Everyone has a role to play in preventing child abuse and neglect. The Las Animas County Department of Human Services (DHS) and its Child Services division, led by Foster Care Coordinator Jamie Pike, are looking for partners in its Colorado Child Abuse and Neglect Awareness Campaign. The DHS provides assistance to many residences including child protection and support, foster/kinship care, maternity and women, infant and child nutrition.

Partnerships strengthen everyone’s ability to speak with one voice and achieve a shared mission to protect kids in Colorado. No organization is too small, or too big, to discover the unique ways in which they can become involved. DHS needs help from all 501c3 organizations, government agencies, schools, businesses and community groups to end child abuse and neglect. Contact Jamie Pike at: 719-846-2276, extension 7129 for more information.

The Colorado Child Abuse and Neglect Awareness Campaign is a multi-year initiative to promote the statewide child abuse and neglect reporting hotline, so call: 1-844-CO-4-KIDS (1-844-264-5437) for further information.

Pike was asked how many kids were awaiting foster homes or adoption in Las Animas County. She replied in a Thursday, November 29 e-mail message. “DHS cannot wait for foster homes, as children who are removed, it is almost always an emergency situation that can happen at any hour of the day. This is why children have to leave our community because we do not have many options in Las Animas County. Although the goal is to always return home, this does not always happen. It is ideal to put young children in a foster adopt home just in case reunification is unable to be achieved.”

She was asked were there any active foster homes in the County and, if so, how many.

She replied that local options for foster care were limited. “We currently have one active foster home for Las Animas County, one active home that is in La Veta and one that is in the process of being certified in Trinidad. Each home is very limited on the children they can take and often times when a child or children need to be placed in a foster home, they are unable to accommodate the children, which means children still need to leave the community they live in if they should enter foster care.”

She noted that, unfortunately, some local foster kids had been placed in foster care outside of the county. “Our local DHS does not ever have the goal of removing children from their home. Often times, if there are concerns for a child’s safety a caseworker will attempt to do a safety plan with the family to help ensure a child remains safe while in their home. If a child does need to be placed in protective custody, caseworkers will look at family as an option prior to placing a child in a foster home.
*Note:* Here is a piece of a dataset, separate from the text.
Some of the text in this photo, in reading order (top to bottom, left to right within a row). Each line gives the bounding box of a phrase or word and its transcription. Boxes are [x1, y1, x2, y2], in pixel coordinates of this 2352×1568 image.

“When children are placed in protective custody, often times Las Animas County Department of Human Services has no choice but to send children out of the County. Within the last year approximately 25 children have had to leave their community and have been placed in foster homes in El Paso, Otero, Pueblo, Denver, Fremont, Huerfano and Kit Carson Counties because Las Animas County does not have enough foster homes.”
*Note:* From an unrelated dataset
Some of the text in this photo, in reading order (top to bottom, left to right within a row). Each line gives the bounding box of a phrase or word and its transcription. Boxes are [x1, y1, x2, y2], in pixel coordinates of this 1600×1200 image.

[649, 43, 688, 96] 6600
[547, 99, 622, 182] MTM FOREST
She described the rewards of becoming a foster parent. “Helping children find a safe and stable home while their family works towards bringing them home. ‘It is not about us, it’s about the children.’ It may not always be easy and you are going to become attached to the children in your home but you need to remember whether we foster or we adopt, foster parents are going to make a difference for a child.”

She wrote about the importance of the Child Services Unit at DHS, including the number of children served in the past year. “DHS is actively looking at family as placement options for children who are removed due to safety concerns and issues but family is not always an option immediately or at all.

LACDHS is also looking for respite homes for children who are unable to stay with family immediately. These respite homes can be short-term placement options of 24 hours to a few weeks while family is being looked at as possible placement option.

“To become a certified foster home, you need to be over the age of 21, any potential foster parent must pass background checks, have room in your home for a child or

children, participate in the home study process and take the foster parent core classes (most of which can be done online).

“The County Department of Human Services wants to be able to support all individuals who are going through the process and can explain the process in more detail and supports offered to potential foster parents.”